[Stored records]
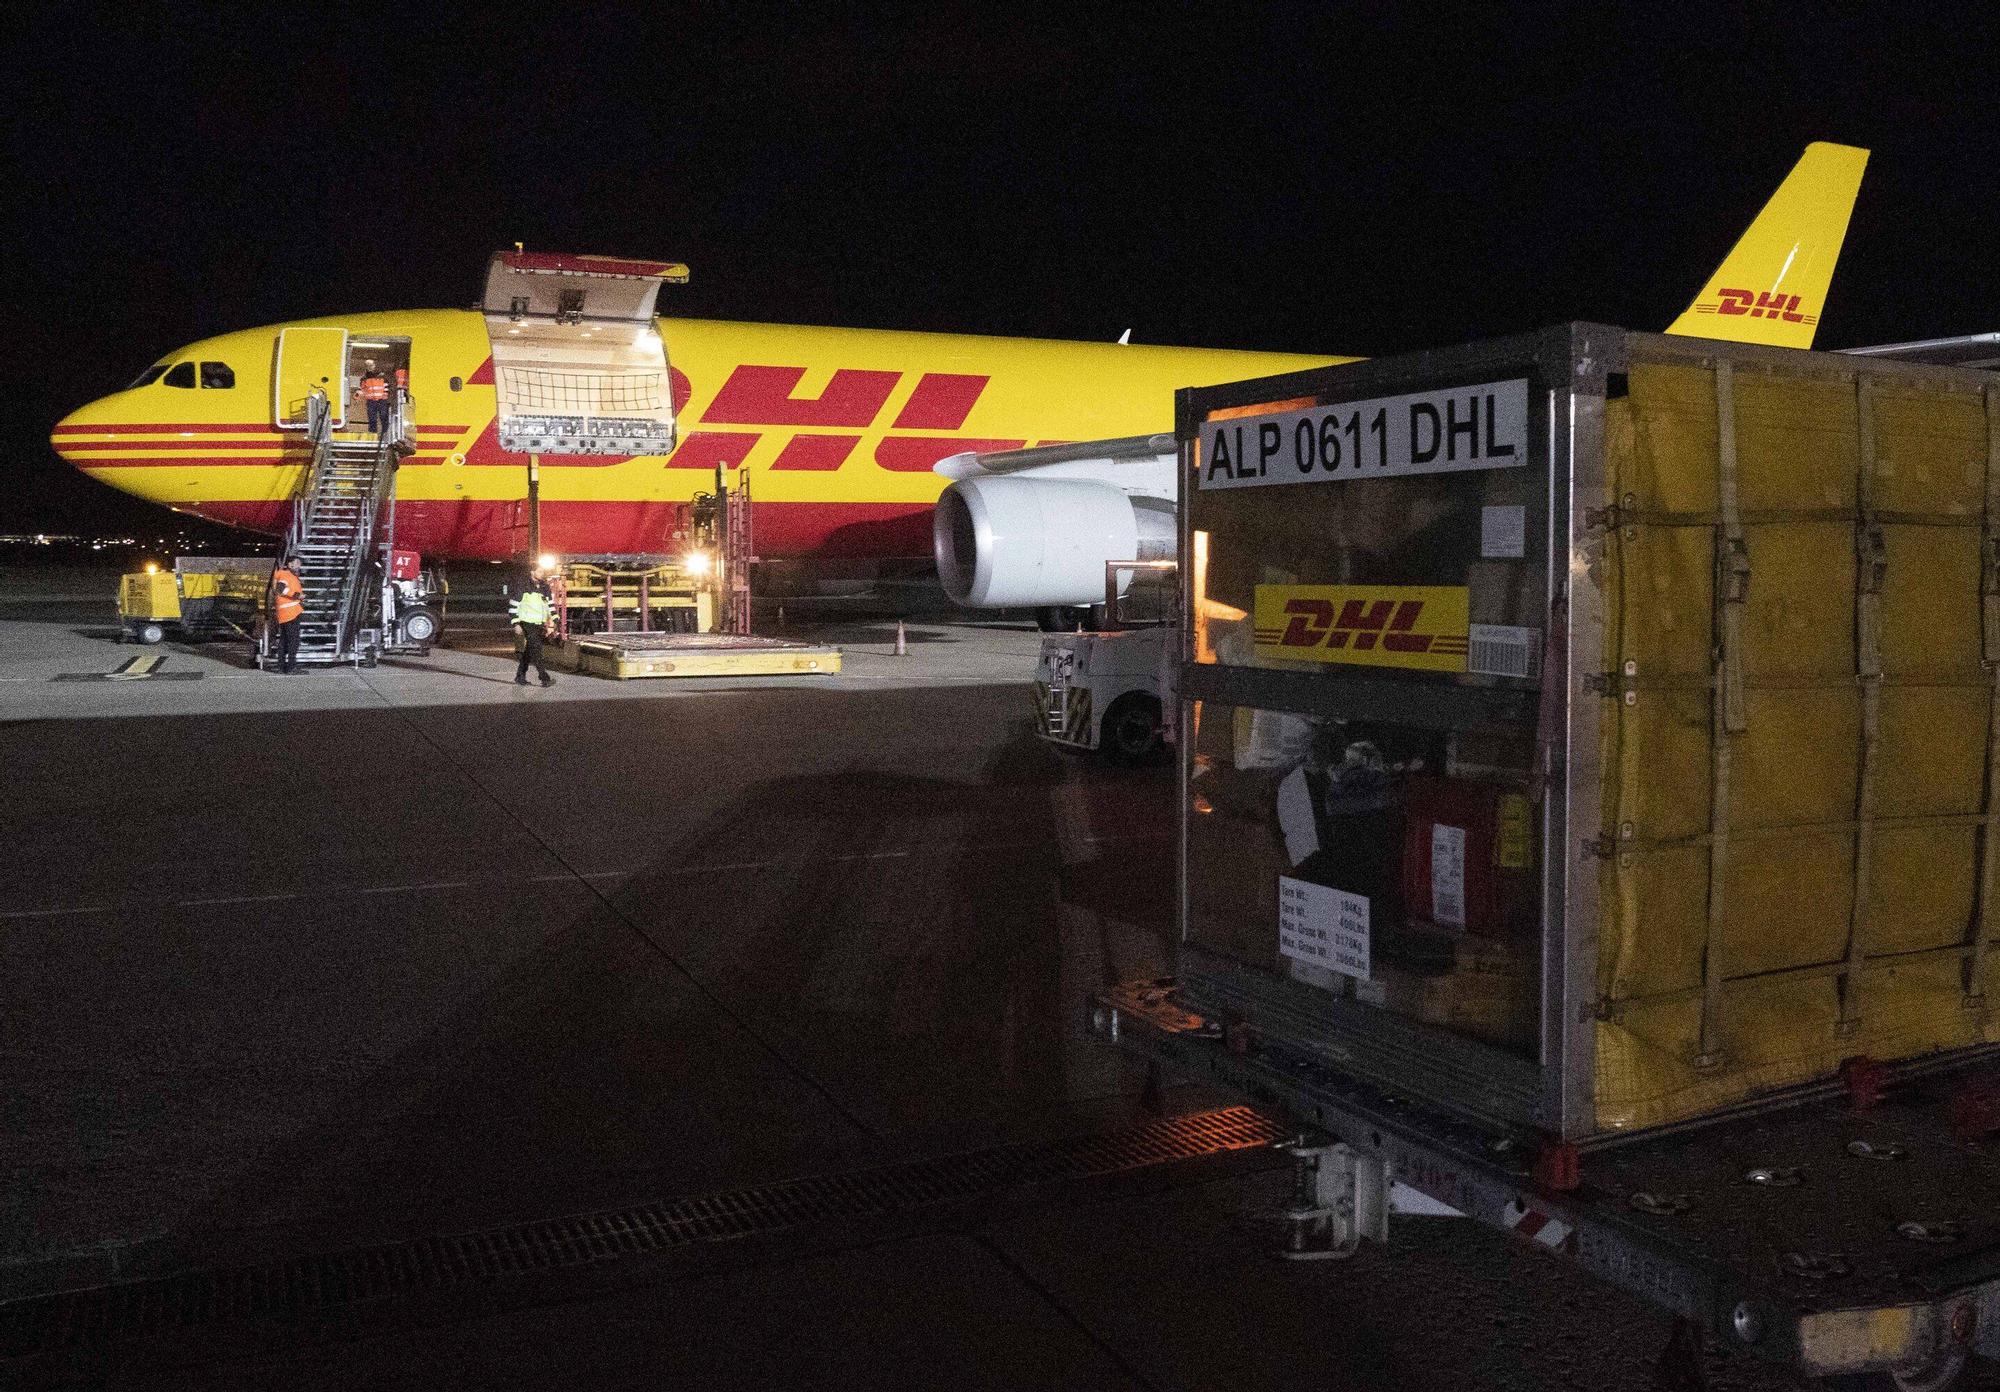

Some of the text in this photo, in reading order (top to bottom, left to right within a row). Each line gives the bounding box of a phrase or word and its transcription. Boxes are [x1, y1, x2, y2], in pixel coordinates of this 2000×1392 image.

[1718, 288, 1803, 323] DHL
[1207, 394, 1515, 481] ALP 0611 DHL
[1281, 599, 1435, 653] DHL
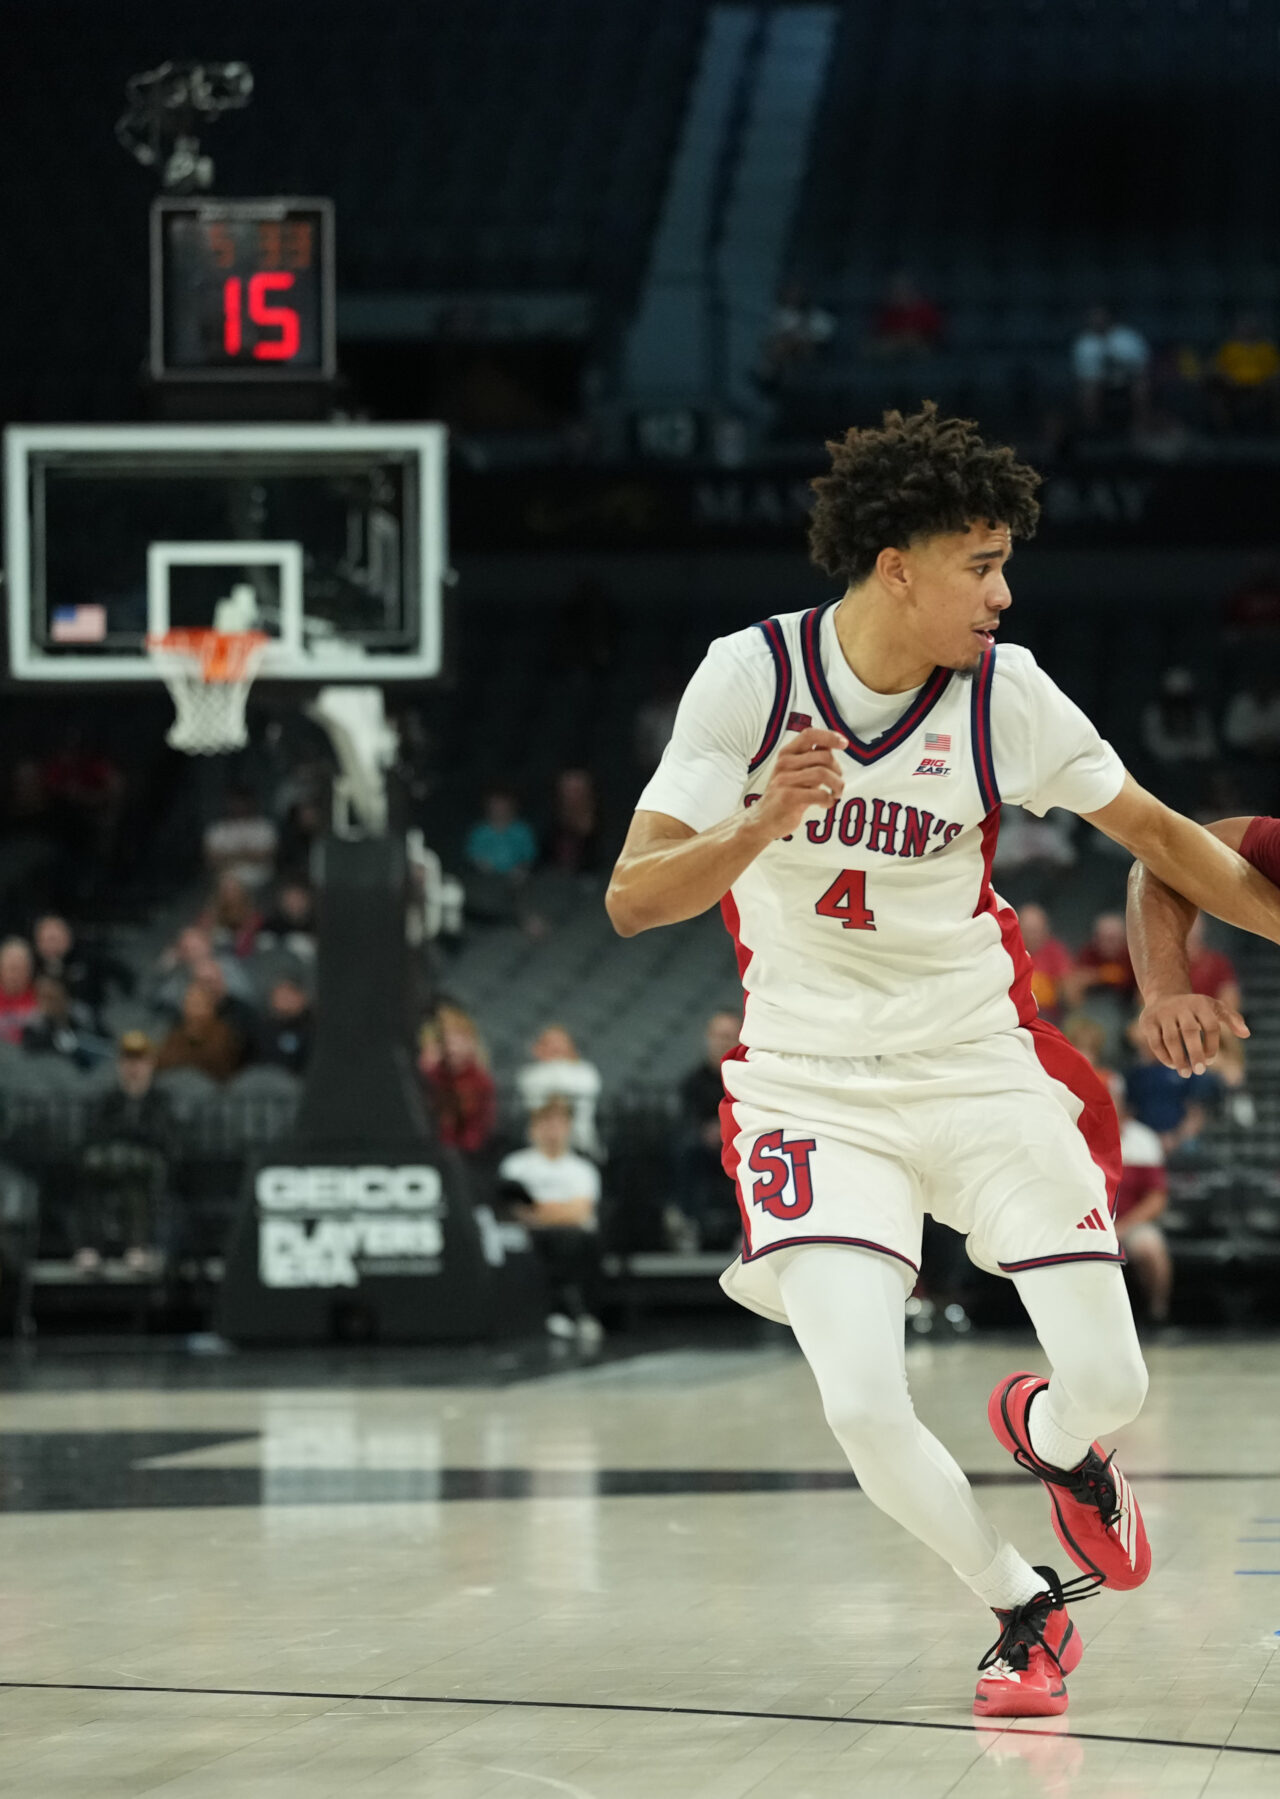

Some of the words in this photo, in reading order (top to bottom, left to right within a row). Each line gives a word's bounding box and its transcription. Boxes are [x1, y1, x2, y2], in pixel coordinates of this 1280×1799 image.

● TASK TO COMPLETE: Without the images, write out each line of the data verbatim.

● RESULT BELOW:
Some of the text in this photo, in reading order (top to bottom, left to right within a row). Each line gives the bounding box of a phrase or word and its transcription. Boxes are [x1, y1, x2, y2], in pixel coordinates of this 2000×1392 image.

[1718, 288, 1803, 323] DHL
[1207, 394, 1515, 481] ALP 0611 DHL
[1281, 599, 1435, 653] DHL

Some of the words in this photo, in reading order (top to bottom, left to right within a row). Each line gives a word's bounding box and its transcription. Boxes are [x1, y1, x2, y2], in pixel coordinates of this 1280×1799 image.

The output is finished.